Records supplied Start Marker

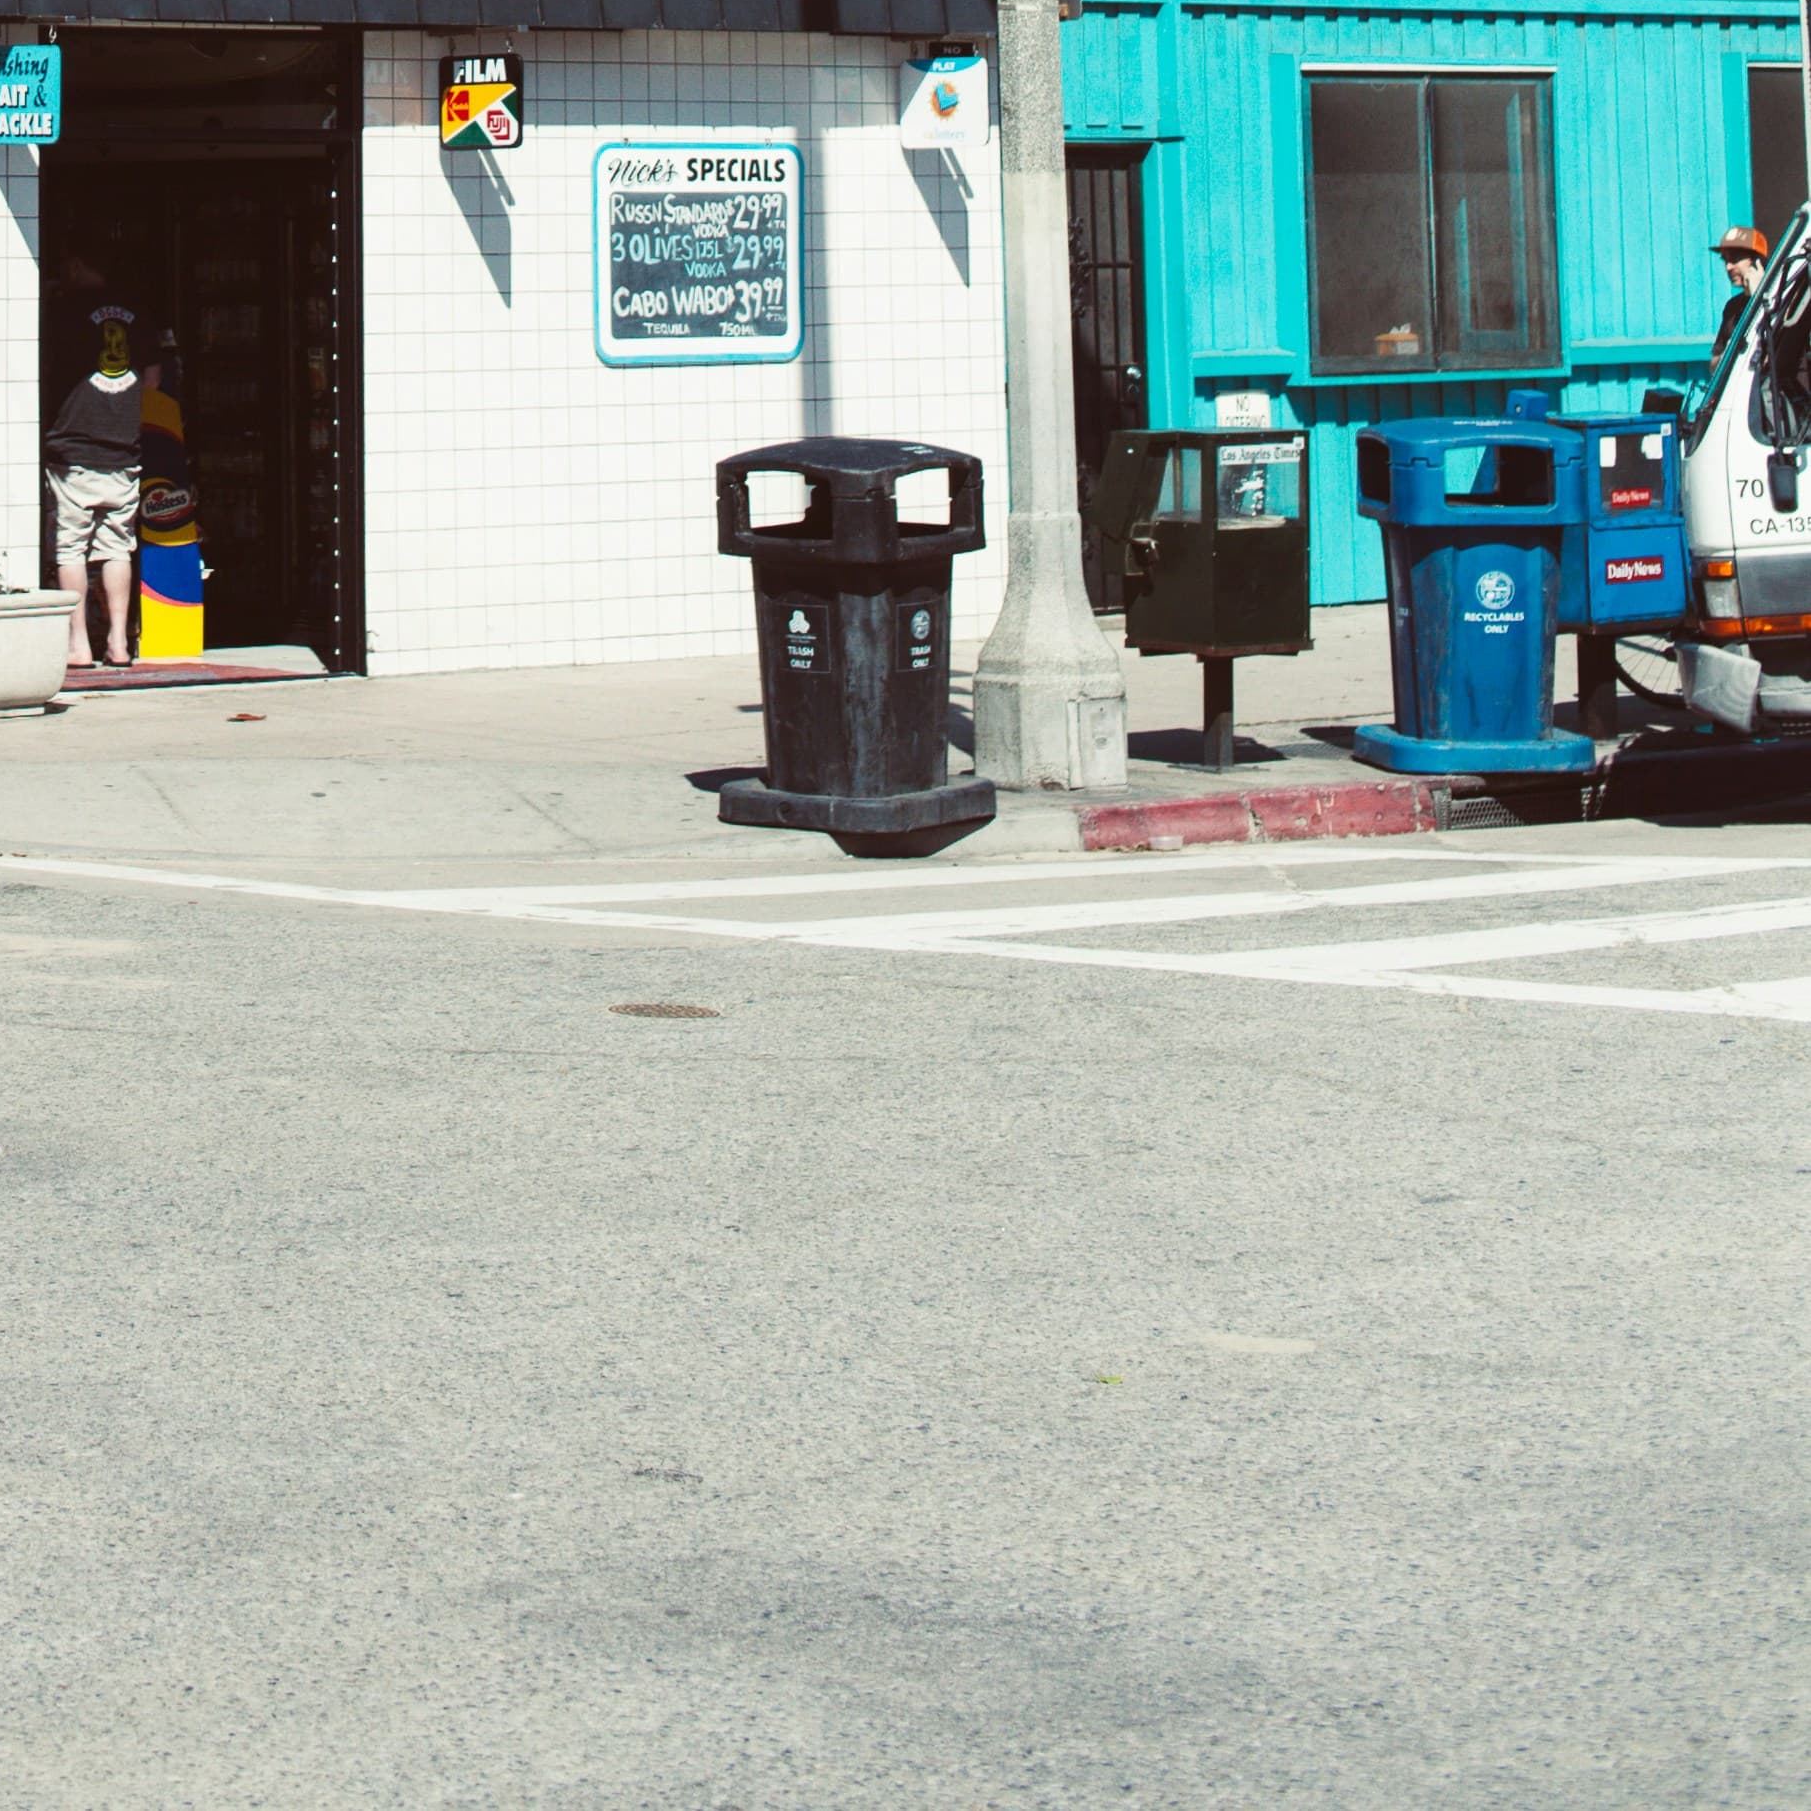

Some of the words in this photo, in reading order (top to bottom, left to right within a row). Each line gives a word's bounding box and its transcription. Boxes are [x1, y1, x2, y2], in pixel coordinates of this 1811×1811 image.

[453, 58, 508, 83] FILM
[33, 84, 48, 107] &
[608, 158, 678, 187] Nick's
[687, 158, 786, 183] SPECIALS
[611, 232, 626, 262] 3
[685, 262, 727, 278] VODKA
[613, 285, 669, 318] CABO
[671, 284, 729, 316] WABO
[642, 322, 691, 335] TEQUILA
[1236, 395, 1250, 412] NO
[1221, 447, 1236, 461] Los
[1239, 448, 1271, 462] Angeles
[1274, 446, 1301, 460] Times
[1736, 478, 1765, 498] 70
[1464, 612, 1525, 622] RECYCLABLES
[1484, 624, 1509, 634] ONLY
[787, 645, 815, 657] TRASH
[790, 658, 813, 669] ONLY
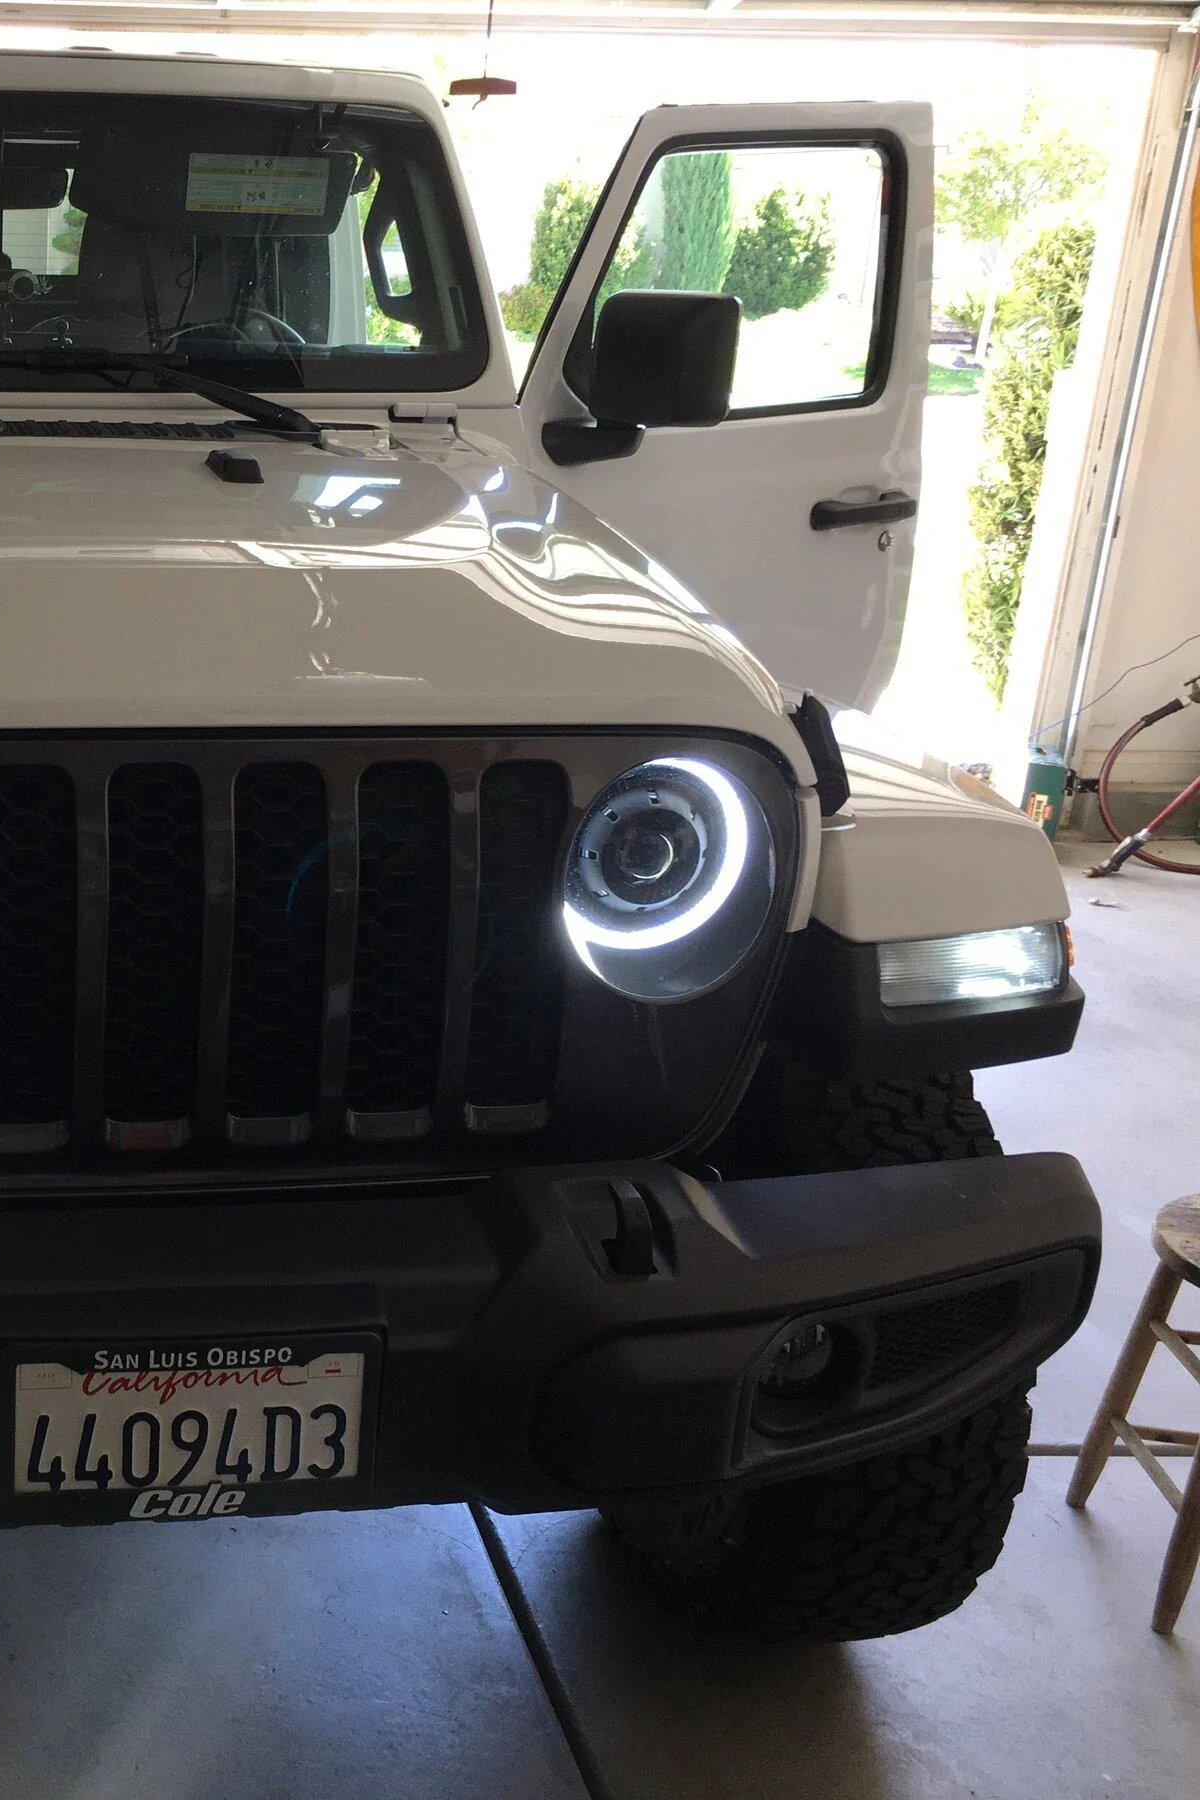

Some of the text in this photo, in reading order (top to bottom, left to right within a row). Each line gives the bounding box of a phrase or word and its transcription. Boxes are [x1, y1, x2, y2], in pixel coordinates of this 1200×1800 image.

[94, 1346, 292, 1370] SAN LUIS OBISPO
[82, 1367, 308, 1405] California
[27, 1404, 347, 1491] 44094D3
[129, 1480, 246, 1518] Cole
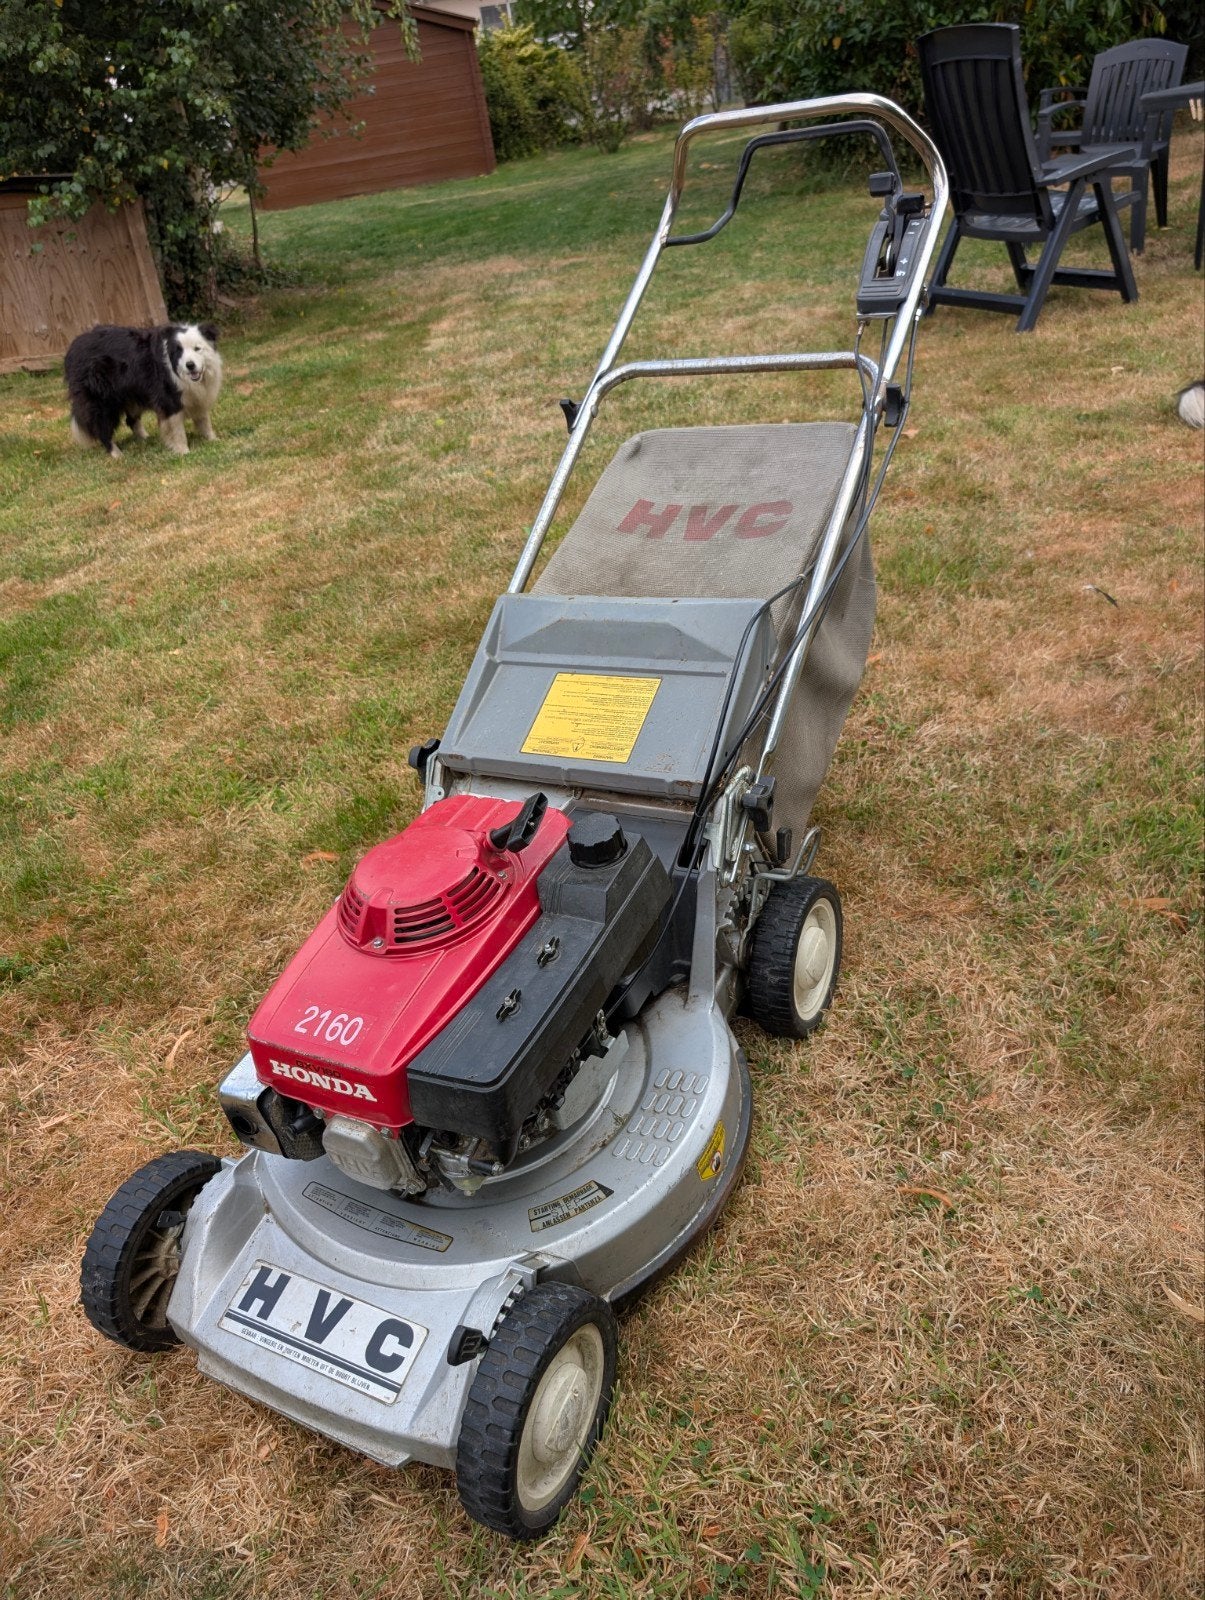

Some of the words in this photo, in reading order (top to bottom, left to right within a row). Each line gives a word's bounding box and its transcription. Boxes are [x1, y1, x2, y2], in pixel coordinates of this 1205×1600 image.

[617, 498, 794, 541] HVC
[294, 1005, 364, 1046] 2160
[269, 1059, 378, 1102] HONDA
[533, 1200, 561, 1216] STARTING
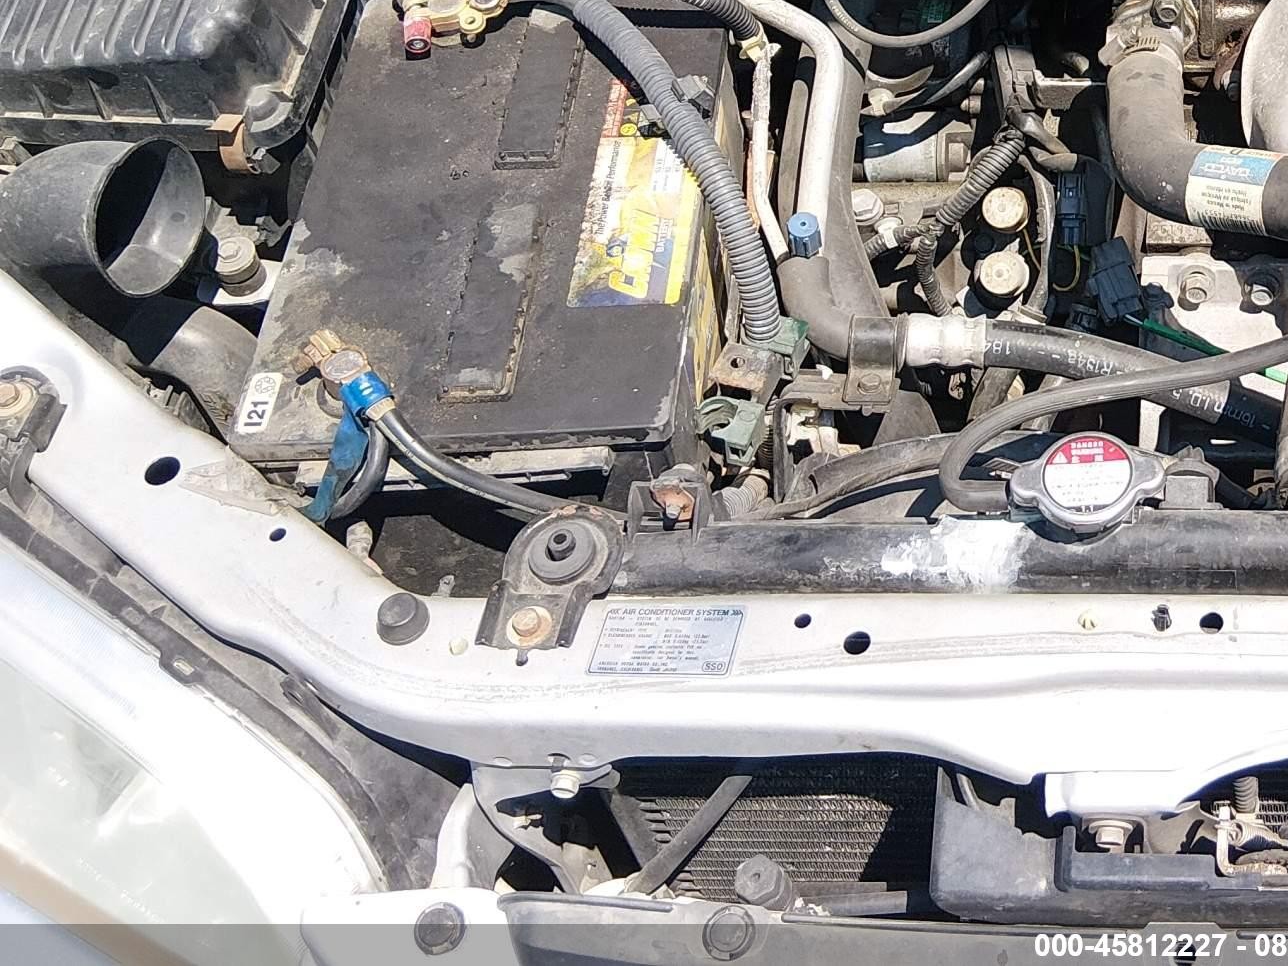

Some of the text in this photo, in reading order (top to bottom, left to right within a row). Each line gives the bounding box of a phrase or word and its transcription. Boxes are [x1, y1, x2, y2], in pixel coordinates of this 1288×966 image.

[598, 202, 611, 223] Power
[606, 140, 622, 180] Performance
[1203, 163, 1249, 176] DAYCO

Records supplied End Marker

> About this exercise: Write out all the entries word for word, but drop the pictures.

> Answer below:
Some of the words in this photo, in reading order (top to bottom, left to right within a row). Each line gives a word's bounding box and its transcription. Boxes are [x1, y1, x2, y2], in pixel coordinates of this 1811×1811 image.

[453, 58, 508, 83] FILM
[33, 84, 48, 107] &
[608, 158, 678, 187] Nick's
[687, 158, 786, 183] SPECIALS
[611, 232, 626, 262] 3
[685, 262, 727, 278] VODKA
[613, 285, 669, 318] CABO
[671, 284, 729, 316] WABO
[642, 322, 691, 335] TEQUILA
[1236, 395, 1250, 412] NO
[1221, 447, 1236, 461] Los
[1239, 448, 1271, 462] Angeles
[1274, 446, 1301, 460] Times
[1736, 478, 1765, 498] 70
[1464, 612, 1525, 622] RECYCLABLES
[1484, 624, 1509, 634] ONLY
[787, 645, 815, 657] TRASH
[790, 658, 813, 669] ONLY

Some of the text in this photo, in reading order (top to bottom, left to right within a row). Each line gives the bounding box of a phrase or word and its transcription. Boxes are [x1, y1, x2, y2], in pixel coordinates of this 1200×1800 image.

[94, 1346, 292, 1370] SAN LUIS OBISPO
[82, 1367, 308, 1405] California
[27, 1404, 347, 1491] 44094D3
[129, 1480, 246, 1518] Cole

Some of the words in this photo, in reading order (top to bottom, left to right within a row). Each line gives a word's bounding box and its transcription. Boxes are [x1, y1, x2, y2], in pixel coordinates of this 1205×1600 image.

[617, 498, 794, 541] HVC
[294, 1005, 364, 1046] 2160
[269, 1059, 378, 1102] HONDA
[533, 1200, 561, 1216] STARTING

Some of the text in this photo, in reading order (top to bottom, left to right within a row). Each line gives the bounding box of a phrase or word and its transcription. Boxes are [x1, y1, x2, y2], in pixel coordinates of this 1288×966 image.

[598, 202, 611, 223] Power
[606, 140, 622, 180] Performance
[1203, 163, 1249, 176] DAYCO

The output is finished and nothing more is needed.